Advanced Deep Learning: Key Terms

Posted by Johanna Pingel, March 6, 2020

1 views (last 30 days) | 0 Likes | 0 comment

Key terms in custom training loops

In this post, I would like to go into detail on Loss, Model Gradients, and Automatic Differentiation

This is Part 2 in a series of Advanced Deep Learning Posts. To read the series, please see the following links:

Post 1: Introduction
Post 2: Custom Training: Key Terms (This post!)

In Part 1, we left off talking about the custom training loop that you need to write in order to tap into the power of the extended framework. If you have a simple network, it’s likely TrainNetwork will do the trick. For everything else, we can write the training loop ourselves.

At a high level, the training loop looks something like this:

Key Steps in the Loop

I want to take a very simple problem to highlight the important parts of this loop, focusing on the non-optional portions in our diagram above. Our model has 2 learnable parameters, x1 and x2 and our goal is to optimize these parameters such that the output of our function is 0:

y = (x2 - x1.^2).^2 + (1 - x1).^2;

We will optimize our model till y = 0; This is a fairly classic equation (Rosenbrock) used in statistics problems. (Hint, there is a solution at x1 = 1 and x2 = 1).

We will start by guessing at the optimal solution x1 = 2, x2 = 2. This is just a starting point, and this code will show how we change these parameters to improve our model and eventually arrive at a solution.

% Define the learnable parameters, with initial guess 2,2
my_x1 = 2;
my_x2 = 2;

learn_rate = 0.1;

% Setup (convert to dlarray) 
x1 = dlarray(my_x1);
x2 = dlarray(my_x2);

% Call dlfeval which uses the function my_loss to calculate model gradients & loss  
[loss,dydx1,dydx2] = dlfeval(@my_loss,x1,x2);

% update the model  
[new_x1,new_x2] = updateModel(x1,x2,dydx1,dydx2,learn_rate);

% plot our current values  
plot(extractdata(new_x1),extractdata(new_x2),'rx');

*Do you see the correlation between this loop and deep learning? Our equation or “model” is much simpler, but the concepts are the same. We have “learnables” in deep learning such as the weights and biases. Here we have two learnable parameters here (x1 and x2). Changing the learnables in the training is what increases the accuracy of the model over time. The following training loop does the same thing as deep learning training, just a bit simpler to understand.

Let's walk through all the steps of this training loop, and point out key terms along the way.

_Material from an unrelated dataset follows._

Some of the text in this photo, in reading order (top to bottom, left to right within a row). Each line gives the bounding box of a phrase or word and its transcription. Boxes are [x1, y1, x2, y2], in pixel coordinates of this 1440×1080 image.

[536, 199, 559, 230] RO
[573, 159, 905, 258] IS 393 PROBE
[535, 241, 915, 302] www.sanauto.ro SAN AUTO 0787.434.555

1. Setup: Read data, convert to dlarray

dlarray is the structure designed to contain deep learning problems. This means for any "dl" functions (dlfeval, dlgradient) to work, we need to convert our data to a dlarray and then convert back using extractdata.

2. Calculate model gradients and loss

This happens in the function called my_loss:

function [y,dydx1,dydx2] = my_loss(x1,x2)
  y = (x2 - x1.^2).^2 + (1 - x1).^2; % calculates the loss (or how close to zero) 
  [dydx1,dydx2] = dlgradient(y,x1,x2); % this calculates the derivatives
end

Plugging in our values for x2 and x1, we get:

This isn’t 0, which means we must find a new guess. The loss is the error, which we can keep track of to understand how far away we are from a good answer. Using gradient descent, a popular method to strategically update parameters, we calculate the gradient/derivative and then move in the direction opposite the slope.

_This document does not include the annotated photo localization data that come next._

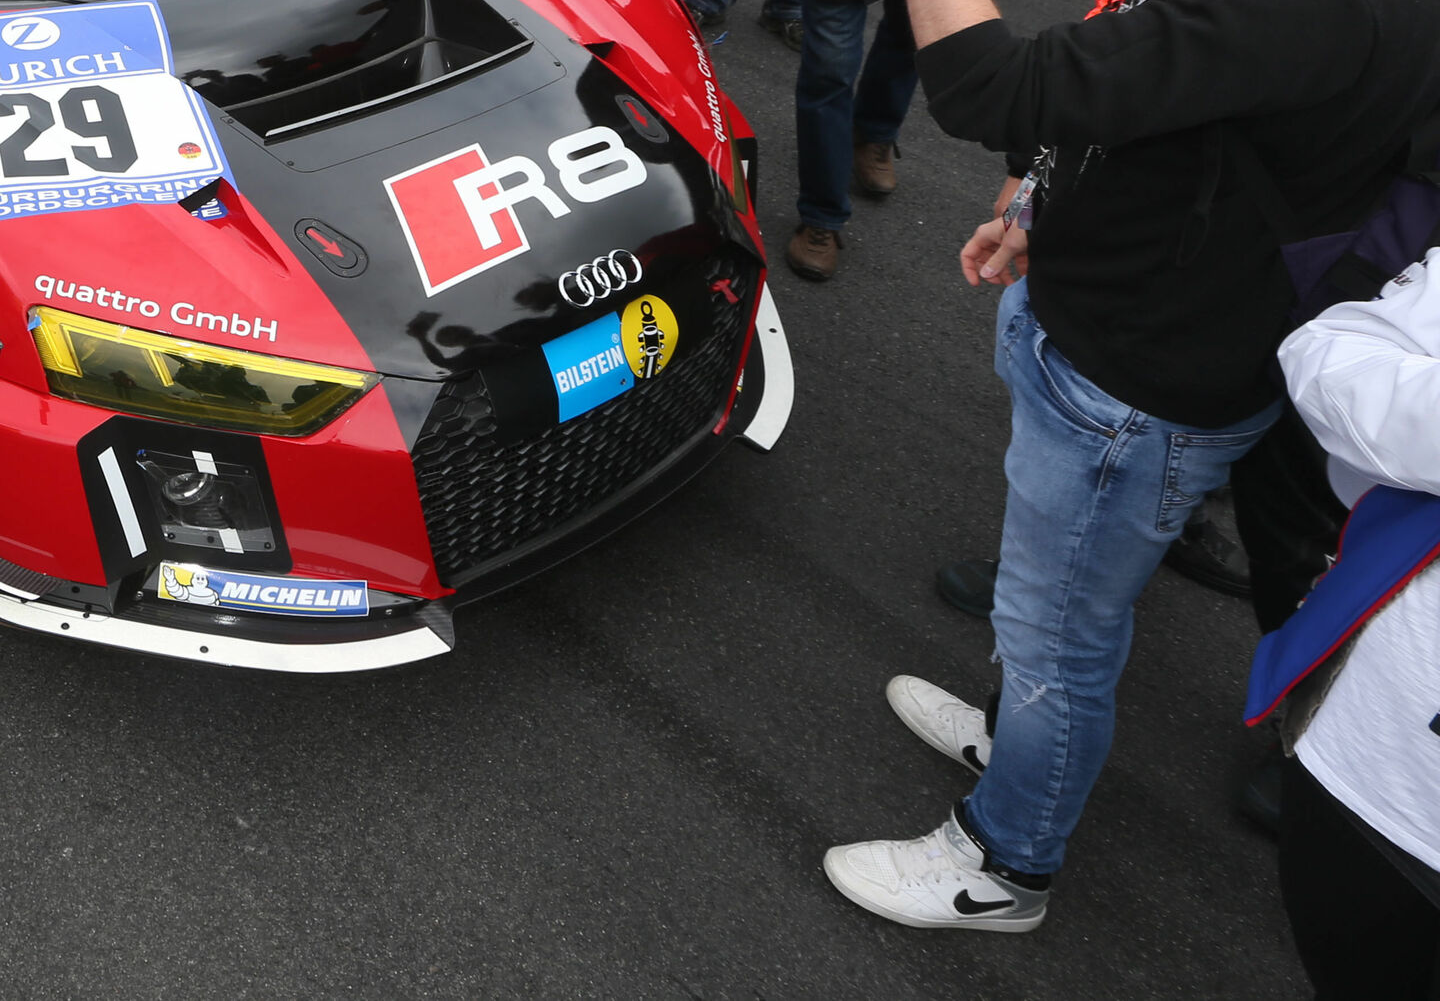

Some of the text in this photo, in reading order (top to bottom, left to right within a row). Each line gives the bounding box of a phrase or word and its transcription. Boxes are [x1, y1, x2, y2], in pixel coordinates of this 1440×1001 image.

[704, 80, 727, 143] quattro
[452, 125, 648, 251] R8
[34, 274, 278, 342] quattro GmbH
[556, 345, 625, 394] BILSTEIN
[220, 581, 363, 607] MICHELIN

To better visualize this, let's look at the quiver plot:

By visualizing the gradient at different points, we can see that by following the gradient, we can eventually find our way to the correct location on the plot. The documentation for dlfeval does a great job explaining how dlgradient works, which is where I stole the quiver plot idea.

Calculate the gradient using dlgradient using automatic differentiation. This is the moment I realized automatic differentiation simply means this function is going to automatically differentiate the model, and tell us the model gradients. It's not as scary as I thought.

So from our function my_loss, we get the model gradients and loss, which are used to calculate new learnable parameters to improve the model.

3. Update the model

In our loop, the next step is to update model using the gradient to find new model parameters.

% update the model  
[new_x1,new_x2] = updateModel(x1,x2,dydx1,dydx2,learn_rate);

Using gradient descent, we will update these parameters, moving in the opposite direction of the slope:

function [new_x1,new_x2] = updateModel(x1,x2,dydx1,dydx2,learn_rate);
  newx1 = x1 + -dydx1*learn_rate;
  newx2 = x2 + -dydx2*learn_rate;
end

Please note, this is where this example and deep learning differ: you are not responsible for determining new learnables. This is done in the real training loop through the optimizer, ADAM or SGDM or whichever optimizer you choose. In deep learning, replace this updateModel function with SGDMUpdate or ADAMUpdate

The learning rate is how quickly you want to move in a certain direction. Higher means faster or larger leaps, but we’ll see in a second this has strong implications on how your training is going to go.

Training Loop

% Define the learnable parameters, with initial guess 2,2
my_x1 = 2;
my_x2 = 2;

learn_rate = 0.1;

% Setup (convert to dlarray) 
x1 = dlarray(my_x1);
x2 = dlarray(my_x2);

% loop starts here:
for ii = 1:100
    
    % Call dlfeval which uses the function my_loss to calculate model gradients and loss
    [loss,dydx1,dydx2] = dlfeval(@my_loss,x1,x2);
    
    % update the model
    [x1,x2] = updateModel(x1,x2,dydx1,dydx2,learn_rate);
        
    % plot our current values 
    plot(extractdata(x1),extractdata(x2),'bx');
end

Here is a plot of the training

After 100 iterations, we visualize the training getting closer and closer to the optimal value.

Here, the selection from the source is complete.